- _Task description_: Word for word, restate all of the data shown below.

===== The data =====

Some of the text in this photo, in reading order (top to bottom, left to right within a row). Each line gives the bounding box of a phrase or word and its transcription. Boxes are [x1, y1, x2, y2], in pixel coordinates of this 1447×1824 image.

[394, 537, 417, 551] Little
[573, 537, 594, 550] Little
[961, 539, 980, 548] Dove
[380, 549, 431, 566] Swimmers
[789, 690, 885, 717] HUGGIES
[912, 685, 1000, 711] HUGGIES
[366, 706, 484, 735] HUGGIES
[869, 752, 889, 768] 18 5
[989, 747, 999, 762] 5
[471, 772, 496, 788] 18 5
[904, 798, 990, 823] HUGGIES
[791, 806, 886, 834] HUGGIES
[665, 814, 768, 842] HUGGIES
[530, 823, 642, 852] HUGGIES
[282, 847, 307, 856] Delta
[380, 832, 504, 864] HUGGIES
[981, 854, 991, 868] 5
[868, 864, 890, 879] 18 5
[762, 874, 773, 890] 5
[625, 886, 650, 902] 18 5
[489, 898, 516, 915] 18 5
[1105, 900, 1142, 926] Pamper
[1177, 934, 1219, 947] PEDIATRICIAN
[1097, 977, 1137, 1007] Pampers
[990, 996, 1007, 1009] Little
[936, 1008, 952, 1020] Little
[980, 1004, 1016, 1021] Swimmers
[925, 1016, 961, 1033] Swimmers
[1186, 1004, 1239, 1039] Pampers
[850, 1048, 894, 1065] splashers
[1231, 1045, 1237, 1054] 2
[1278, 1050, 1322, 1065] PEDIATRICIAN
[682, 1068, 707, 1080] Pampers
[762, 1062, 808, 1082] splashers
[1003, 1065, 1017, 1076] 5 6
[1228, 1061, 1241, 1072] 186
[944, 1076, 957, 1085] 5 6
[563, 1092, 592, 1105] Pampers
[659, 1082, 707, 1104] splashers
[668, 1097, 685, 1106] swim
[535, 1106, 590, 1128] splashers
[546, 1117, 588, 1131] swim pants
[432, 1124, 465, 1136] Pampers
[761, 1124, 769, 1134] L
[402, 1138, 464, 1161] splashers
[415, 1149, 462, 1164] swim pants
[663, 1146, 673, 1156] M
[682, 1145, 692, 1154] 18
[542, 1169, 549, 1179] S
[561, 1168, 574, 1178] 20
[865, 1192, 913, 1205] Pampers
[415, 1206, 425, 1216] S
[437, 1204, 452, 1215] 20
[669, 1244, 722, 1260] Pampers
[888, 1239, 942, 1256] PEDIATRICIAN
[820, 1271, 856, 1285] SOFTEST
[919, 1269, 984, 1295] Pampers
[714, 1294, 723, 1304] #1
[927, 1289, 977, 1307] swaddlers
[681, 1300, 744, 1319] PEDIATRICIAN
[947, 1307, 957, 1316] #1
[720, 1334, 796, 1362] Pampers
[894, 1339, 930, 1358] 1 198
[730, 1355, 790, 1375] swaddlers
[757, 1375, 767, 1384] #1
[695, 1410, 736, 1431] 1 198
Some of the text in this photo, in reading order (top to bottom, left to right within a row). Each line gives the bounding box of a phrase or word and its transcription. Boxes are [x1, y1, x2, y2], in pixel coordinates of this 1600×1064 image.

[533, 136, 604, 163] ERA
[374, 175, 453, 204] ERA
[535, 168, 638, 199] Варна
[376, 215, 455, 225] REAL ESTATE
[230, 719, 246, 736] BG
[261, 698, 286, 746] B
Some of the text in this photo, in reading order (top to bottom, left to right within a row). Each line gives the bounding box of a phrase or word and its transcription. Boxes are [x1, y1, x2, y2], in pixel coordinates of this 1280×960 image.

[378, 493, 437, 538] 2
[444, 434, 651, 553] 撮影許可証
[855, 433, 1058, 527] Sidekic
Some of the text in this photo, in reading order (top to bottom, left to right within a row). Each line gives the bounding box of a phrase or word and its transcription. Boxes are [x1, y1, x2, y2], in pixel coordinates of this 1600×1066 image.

=====

- _Response to the task_:
Some of the text in this photo, in reading order (top to bottom, left to right within a row). Each line gives the bounding box of a phrase or word and its transcription. Boxes are [x1, y1, x2, y2], in pixel coordinates of this 1447×1824 image.

[394, 537, 417, 551] Little
[573, 537, 594, 550] Little
[961, 539, 980, 548] Dove
[380, 549, 431, 566] Swimmers
[789, 690, 885, 717] HUGGIES
[912, 685, 1000, 711] HUGGIES
[366, 706, 484, 735] HUGGIES
[869, 752, 889, 768] 18 5
[989, 747, 999, 762] 5
[471, 772, 496, 788] 18 5
[904, 798, 990, 823] HUGGIES
[791, 806, 886, 834] HUGGIES
[665, 814, 768, 842] HUGGIES
[530, 823, 642, 852] HUGGIES
[282, 847, 307, 856] Delta
[380, 832, 504, 864] HUGGIES
[981, 854, 991, 868] 5
[868, 864, 890, 879] 18 5
[762, 874, 773, 890] 5
[625, 886, 650, 902] 18 5
[489, 898, 516, 915] 18 5
[1105, 900, 1142, 926] Pamper
[1177, 934, 1219, 947] PEDIATRICIAN
[1097, 977, 1137, 1007] Pampers
[990, 996, 1007, 1009] Little
[936, 1008, 952, 1020] Little
[980, 1004, 1016, 1021] Swimmers
[925, 1016, 961, 1033] Swimmers
[1186, 1004, 1239, 1039] Pampers
[850, 1048, 894, 1065] splashers
[1231, 1045, 1237, 1054] 2
[1278, 1050, 1322, 1065] PEDIATRICIAN
[682, 1068, 707, 1080] Pampers
[762, 1062, 808, 1082] splashers
[1003, 1065, 1017, 1076] 5 6
[1228, 1061, 1241, 1072] 186
[944, 1076, 957, 1085] 5 6
[563, 1092, 592, 1105] Pampers
[659, 1082, 707, 1104] splashers
[668, 1097, 685, 1106] swim
[535, 1106, 590, 1128] splashers
[546, 1117, 588, 1131] swim pants
[432, 1124, 465, 1136] Pampers
[761, 1124, 769, 1134] L
[402, 1138, 464, 1161] splashers
[415, 1149, 462, 1164] swim pants
[663, 1146, 673, 1156] M
[682, 1145, 692, 1154] 18
[542, 1169, 549, 1179] S
[561, 1168, 574, 1178] 20
[865, 1192, 913, 1205] Pampers
[415, 1206, 425, 1216] S
[437, 1204, 452, 1215] 20
[669, 1244, 722, 1260] Pampers
[888, 1239, 942, 1256] PEDIATRICIAN
[820, 1271, 856, 1285] SOFTEST
[919, 1269, 984, 1295] Pampers
[714, 1294, 723, 1304] #1
[927, 1289, 977, 1307] swaddlers
[681, 1300, 744, 1319] PEDIATRICIAN
[947, 1307, 957, 1316] #1
[720, 1334, 796, 1362] Pampers
[894, 1339, 930, 1358] 1 198
[730, 1355, 790, 1375] swaddlers
[757, 1375, 767, 1384] #1
[695, 1410, 736, 1431] 1 198
Some of the text in this photo, in reading order (top to bottom, left to right within a row). Each line gives the bounding box of a phrase or word and its transcription. Boxes are [x1, y1, x2, y2], in pixel coordinates of this 1600×1064 image.

[533, 136, 604, 163] ERA
[374, 175, 453, 204] ERA
[535, 168, 638, 199] Варна
[376, 215, 455, 225] REAL ESTATE
[230, 719, 246, 736] BG
[261, 698, 286, 746] B
Some of the text in this photo, in reading order (top to bottom, left to right within a row). Each line gives the bounding box of a phrase or word and its transcription. Boxes are [x1, y1, x2, y2], in pixel coordinates of this 1280×960 image.

[378, 493, 437, 538] 2
[444, 434, 651, 553] 撮影許可証
[855, 433, 1058, 527] Sidekic
Some of the text in this photo, in reading order (top to bottom, left to right within a row). Each line gives the bounding box of a phrase or word and its transcription. Boxes are [x1, y1, x2, y2], in pixel coordinates of this 1600×1066 image.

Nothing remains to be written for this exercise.